=== Section Start ===

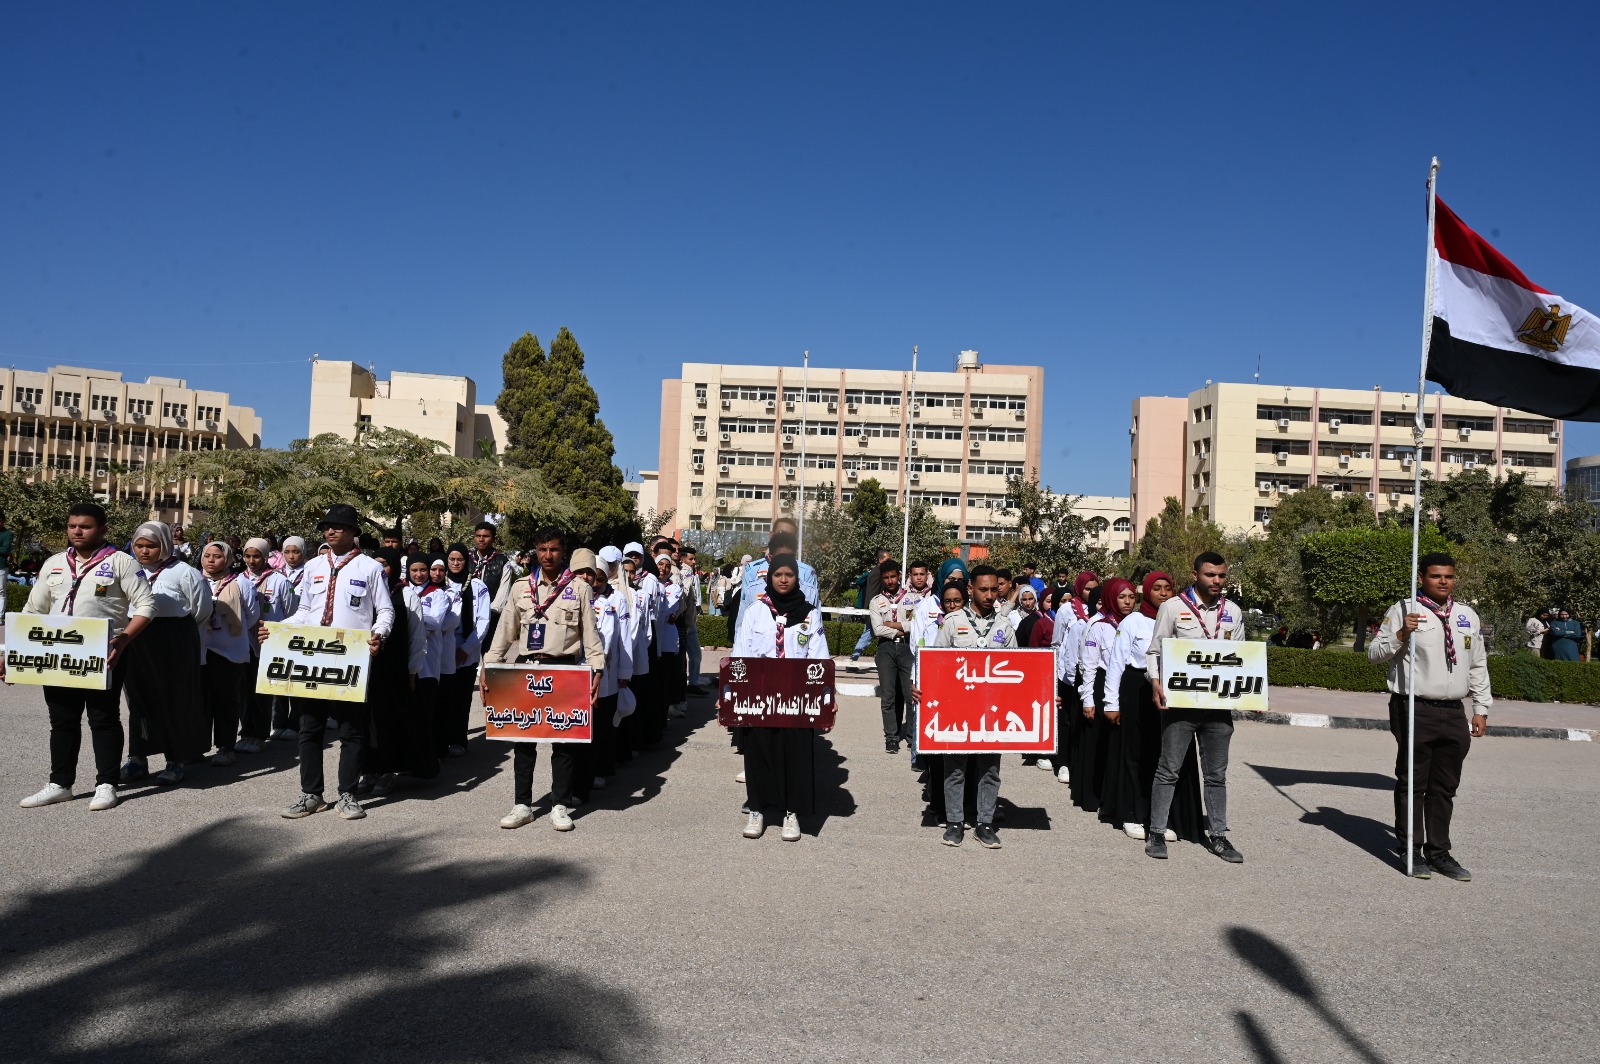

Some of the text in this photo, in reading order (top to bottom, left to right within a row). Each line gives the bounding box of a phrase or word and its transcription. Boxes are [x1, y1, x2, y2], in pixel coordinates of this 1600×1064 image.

[28, 627, 85, 646] كلية
[288, 635, 347, 656] كلية
[7, 650, 106, 677] التربية النوعية
[267, 656, 361, 690] الصيدلة
[955, 654, 1025, 691] كلية
[1186, 651, 1243, 669] كلية
[526, 674, 553, 698] كلية
[1168, 672, 1264, 699] الزراعة
[486, 706, 589, 730] التربية الرياضية
[732, 692, 822, 723] كلية الخدمة الاجتماعية
[924, 699, 1050, 743] الهندسة
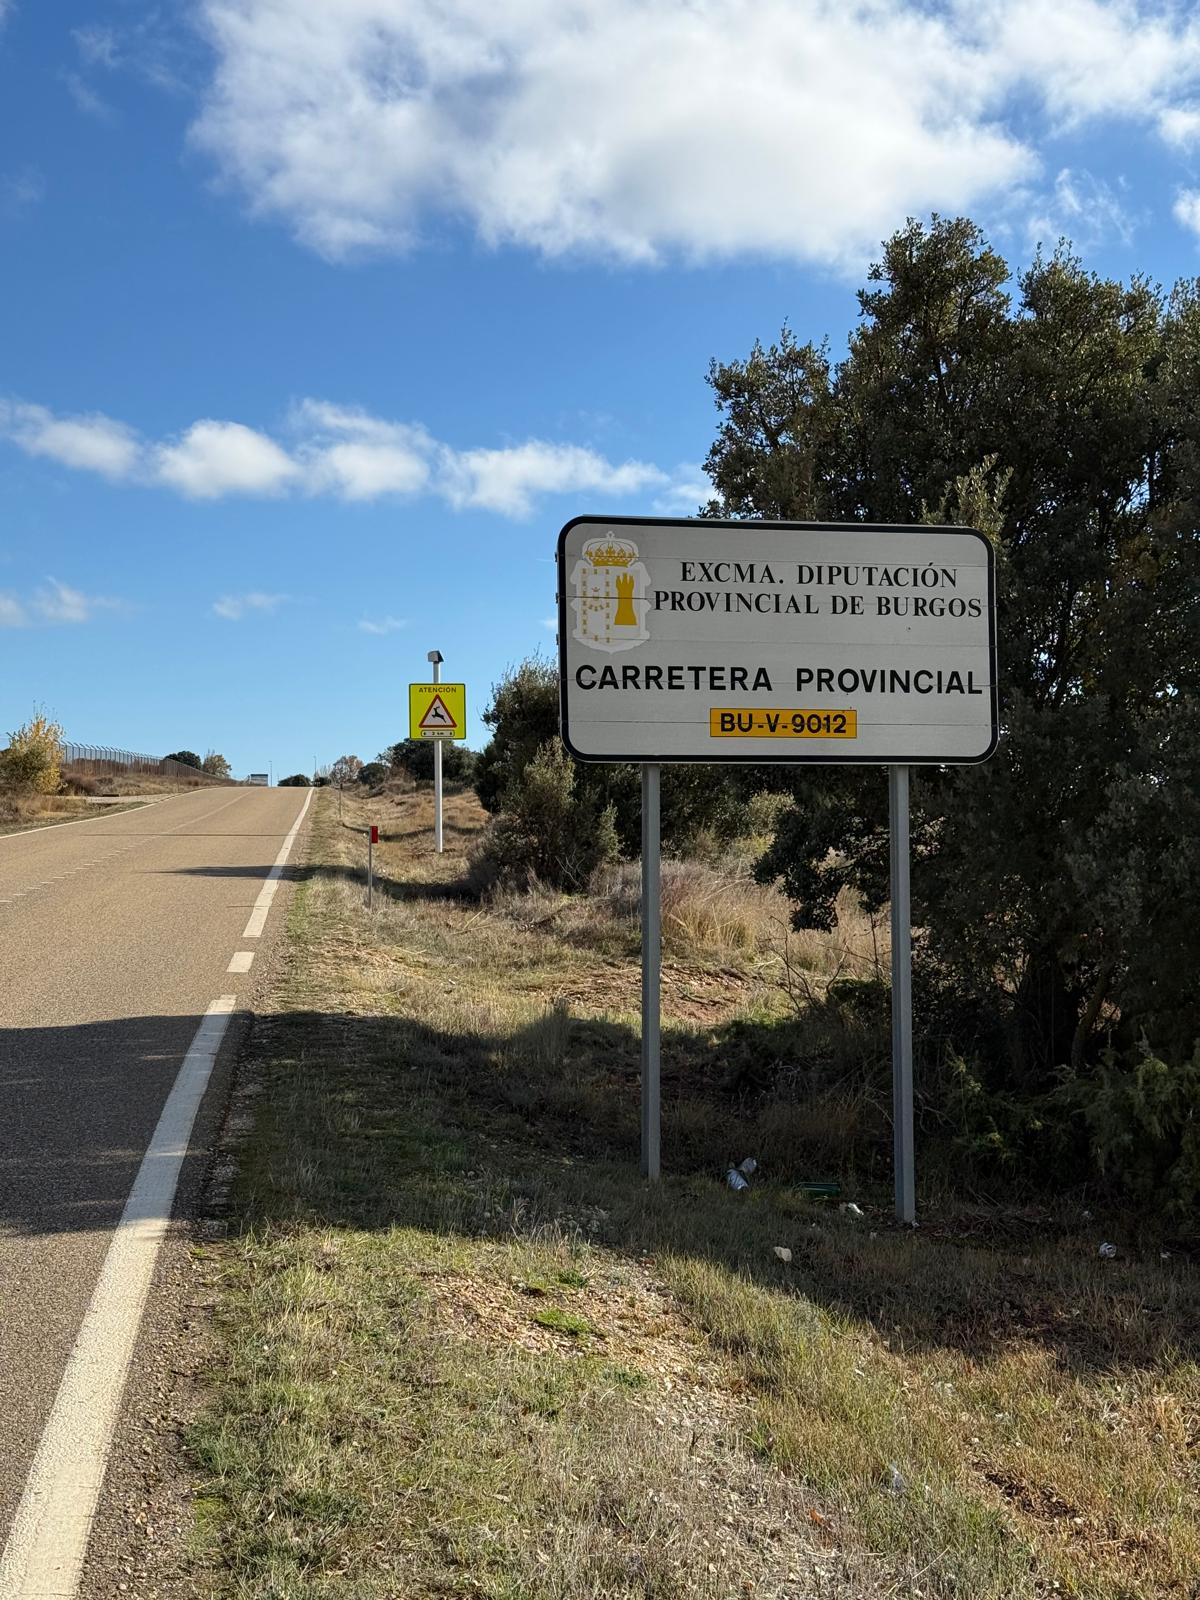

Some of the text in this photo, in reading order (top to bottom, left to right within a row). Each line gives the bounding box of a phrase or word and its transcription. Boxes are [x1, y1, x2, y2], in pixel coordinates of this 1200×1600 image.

=== Section End ===

**PROBLEM DETAILS:** What you return should be the entries from above, unchanged and without their images.

**RESULT:**
Some of the text in this photo, in reading order (top to bottom, left to right within a row). Each line gives the bounding box of a phrase or word and its transcription. Boxes are [x1, y1, x2, y2], in pixel coordinates of this 1600×1064 image.

[28, 627, 85, 646] كلية
[288, 635, 347, 656] كلية
[7, 650, 106, 677] التربية النوعية
[267, 656, 361, 690] الصيدلة
[955, 654, 1025, 691] كلية
[1186, 651, 1243, 669] كلية
[526, 674, 553, 698] كلية
[1168, 672, 1264, 699] الزراعة
[486, 706, 589, 730] التربية الرياضية
[732, 692, 822, 723] كلية الخدمة الاجتماعية
[924, 699, 1050, 743] الهندسة

Some of the text in this photo, in reading order (top to bottom, left to right within a row). Each line gives the bounding box of a phrase or word and its transcription. Boxes are [x1, y1, x2, y2], in pixel coordinates of this 1200×1600 image.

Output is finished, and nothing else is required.